Her brother Bertram, who had been secretly married to a farmer's daughter for years and had hidden it from their parents, finally told them what he had done. His decade-old secret dismantled the Potters' argument entirely. The wedding was scheduled for October.


Castle Cottage

They moved into Castle Farm across the road from Hill Top — Hill Top kept separate, as it had always been, as her studio and heart. Castle Cottage became the working home.

The life they built together was farm life. Mornings were walks to the flocks; afternoons were paperwork: leases, boundaries, drainage, accounts. William's practice in Hawkshead meant he was across the table whenever she needed him, which was often, as she continued buying farms.

He walked through the toes of his stockings regularly. She wrote to a friend about the darning basket: "It is lucky I like darning."

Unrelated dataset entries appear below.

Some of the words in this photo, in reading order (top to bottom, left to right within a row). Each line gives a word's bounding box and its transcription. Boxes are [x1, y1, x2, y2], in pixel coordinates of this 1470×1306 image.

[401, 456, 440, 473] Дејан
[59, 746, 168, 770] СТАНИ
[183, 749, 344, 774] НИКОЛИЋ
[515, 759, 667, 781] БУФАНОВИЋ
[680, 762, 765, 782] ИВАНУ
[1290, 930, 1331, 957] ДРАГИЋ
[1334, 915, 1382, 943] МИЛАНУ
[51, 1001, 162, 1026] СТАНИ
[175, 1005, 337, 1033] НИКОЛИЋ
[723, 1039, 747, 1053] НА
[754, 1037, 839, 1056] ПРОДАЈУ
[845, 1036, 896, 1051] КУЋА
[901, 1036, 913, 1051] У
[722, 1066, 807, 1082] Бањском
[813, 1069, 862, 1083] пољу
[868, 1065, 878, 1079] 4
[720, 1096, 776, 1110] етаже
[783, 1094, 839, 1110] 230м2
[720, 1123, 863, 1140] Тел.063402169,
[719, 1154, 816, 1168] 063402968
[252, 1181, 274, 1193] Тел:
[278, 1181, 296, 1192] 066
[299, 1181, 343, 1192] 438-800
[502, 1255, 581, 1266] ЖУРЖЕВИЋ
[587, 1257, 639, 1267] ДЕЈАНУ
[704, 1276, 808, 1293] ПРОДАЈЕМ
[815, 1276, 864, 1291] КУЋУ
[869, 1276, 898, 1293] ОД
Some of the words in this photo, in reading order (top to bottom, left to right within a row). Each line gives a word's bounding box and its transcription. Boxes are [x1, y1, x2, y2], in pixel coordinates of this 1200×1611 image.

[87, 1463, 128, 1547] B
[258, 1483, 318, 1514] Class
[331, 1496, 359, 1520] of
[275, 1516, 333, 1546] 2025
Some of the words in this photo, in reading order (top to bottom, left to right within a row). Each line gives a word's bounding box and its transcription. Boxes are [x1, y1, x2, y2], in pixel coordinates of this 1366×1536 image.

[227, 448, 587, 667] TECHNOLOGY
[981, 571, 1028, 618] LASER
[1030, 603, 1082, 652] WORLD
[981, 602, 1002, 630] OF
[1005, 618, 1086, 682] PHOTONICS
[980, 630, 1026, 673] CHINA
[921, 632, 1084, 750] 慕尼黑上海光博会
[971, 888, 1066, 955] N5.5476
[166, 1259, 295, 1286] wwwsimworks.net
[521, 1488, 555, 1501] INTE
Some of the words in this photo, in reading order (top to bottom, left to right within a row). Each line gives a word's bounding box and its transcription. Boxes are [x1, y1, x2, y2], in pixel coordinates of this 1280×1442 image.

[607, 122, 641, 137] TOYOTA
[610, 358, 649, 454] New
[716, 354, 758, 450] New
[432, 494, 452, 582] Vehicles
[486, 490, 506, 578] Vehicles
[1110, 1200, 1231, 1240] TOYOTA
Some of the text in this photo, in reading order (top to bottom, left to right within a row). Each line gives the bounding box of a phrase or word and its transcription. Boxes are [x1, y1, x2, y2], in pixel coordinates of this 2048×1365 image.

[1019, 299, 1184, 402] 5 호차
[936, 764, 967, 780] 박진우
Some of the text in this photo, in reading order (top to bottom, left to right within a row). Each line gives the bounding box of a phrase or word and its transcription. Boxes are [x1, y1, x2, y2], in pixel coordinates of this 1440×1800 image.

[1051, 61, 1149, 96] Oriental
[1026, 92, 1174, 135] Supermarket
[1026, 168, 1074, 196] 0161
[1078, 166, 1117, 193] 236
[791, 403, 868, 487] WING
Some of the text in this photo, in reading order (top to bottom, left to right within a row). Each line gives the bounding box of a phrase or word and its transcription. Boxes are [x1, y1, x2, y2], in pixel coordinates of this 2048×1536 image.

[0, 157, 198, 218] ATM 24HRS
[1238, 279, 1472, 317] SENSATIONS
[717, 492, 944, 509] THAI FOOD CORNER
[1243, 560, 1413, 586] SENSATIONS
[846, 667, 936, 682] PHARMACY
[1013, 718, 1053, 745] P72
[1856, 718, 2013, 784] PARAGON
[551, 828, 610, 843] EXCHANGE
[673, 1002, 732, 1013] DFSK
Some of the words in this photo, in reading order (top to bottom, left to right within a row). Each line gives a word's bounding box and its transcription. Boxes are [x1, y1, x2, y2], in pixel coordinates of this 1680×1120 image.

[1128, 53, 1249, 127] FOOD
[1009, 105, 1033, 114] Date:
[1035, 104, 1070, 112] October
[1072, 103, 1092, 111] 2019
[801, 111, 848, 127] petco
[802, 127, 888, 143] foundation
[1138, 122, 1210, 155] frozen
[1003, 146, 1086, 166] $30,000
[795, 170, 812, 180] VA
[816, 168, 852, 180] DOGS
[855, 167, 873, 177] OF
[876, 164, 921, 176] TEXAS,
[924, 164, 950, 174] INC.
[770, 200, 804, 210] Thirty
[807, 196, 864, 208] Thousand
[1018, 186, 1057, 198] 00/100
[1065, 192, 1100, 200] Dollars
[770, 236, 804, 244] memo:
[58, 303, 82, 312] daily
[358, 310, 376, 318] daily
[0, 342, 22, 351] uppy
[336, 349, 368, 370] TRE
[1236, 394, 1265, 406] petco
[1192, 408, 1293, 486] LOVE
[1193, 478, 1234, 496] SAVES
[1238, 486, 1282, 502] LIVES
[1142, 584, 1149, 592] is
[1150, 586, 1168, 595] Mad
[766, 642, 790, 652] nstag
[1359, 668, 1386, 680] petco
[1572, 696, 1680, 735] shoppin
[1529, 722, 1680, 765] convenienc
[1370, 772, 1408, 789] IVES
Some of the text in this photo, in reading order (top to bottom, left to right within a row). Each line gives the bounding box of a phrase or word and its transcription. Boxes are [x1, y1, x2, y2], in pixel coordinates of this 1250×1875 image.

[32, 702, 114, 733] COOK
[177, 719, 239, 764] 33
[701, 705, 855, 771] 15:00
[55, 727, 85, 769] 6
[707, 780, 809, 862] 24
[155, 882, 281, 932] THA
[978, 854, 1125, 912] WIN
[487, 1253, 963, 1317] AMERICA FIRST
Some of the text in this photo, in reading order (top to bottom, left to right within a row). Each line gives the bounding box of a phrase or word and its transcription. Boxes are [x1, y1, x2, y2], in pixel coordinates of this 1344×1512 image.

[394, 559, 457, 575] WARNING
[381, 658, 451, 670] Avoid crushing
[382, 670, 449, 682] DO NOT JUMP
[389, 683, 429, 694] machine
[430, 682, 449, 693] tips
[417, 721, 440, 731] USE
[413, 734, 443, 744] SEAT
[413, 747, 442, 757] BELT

They rowed on Moss Eccles Tarn, the small lake above Near Sawrey that Beatrix owned and had planted with waterlilies. They attended Herdwick shows together — she exhibiting the sheep, he handling the legal and logistical side without making much of it. She won prizes. He stood nearby, quiet and satisfied, and this seemed to suit them both.

In the Lake District, she was Mrs Heelis. The Herdwick shepherds and the fell farmers called her that, and they meant it respectfully, as one of their own. William had never called her anything else.


The Road Not Taken

After the First World War, they had a plan. The fell farms around them had been badly hit. The countryside they loved was changing. For a time — enough of a time to have discussed it seriously — Beatrix and William considered leaving England.

They talked about the St Lawrence River, below Lake Ontario.

Then an opportunity came to buy a large tract of Westmorland land that was in danger of being broken up and sold off. They bought it instead. They stayed.

She spent the next twenty years buying more: fifteen farms, more than four thousand acres, the Herdwick flocks. She bought land the way her grandfather had built mills — deliberately, over a long time, with her eye on something beyond the transaction. The difference was that she was buying in order to give it away. Everything she and William acquired went, eventually, to the National Trust. The Lake District she had been studying since she was sixteen years old would not be broken up on her watch.

William died in 1945, two years after Beatrix. His estate went to the Trust as well. The protection was complete.

At Windermere station, in October 1913, a farm manager with a white bull had called her Miss Potter by mistake.

She had been Mrs Heelis ever since. She remained so until the end.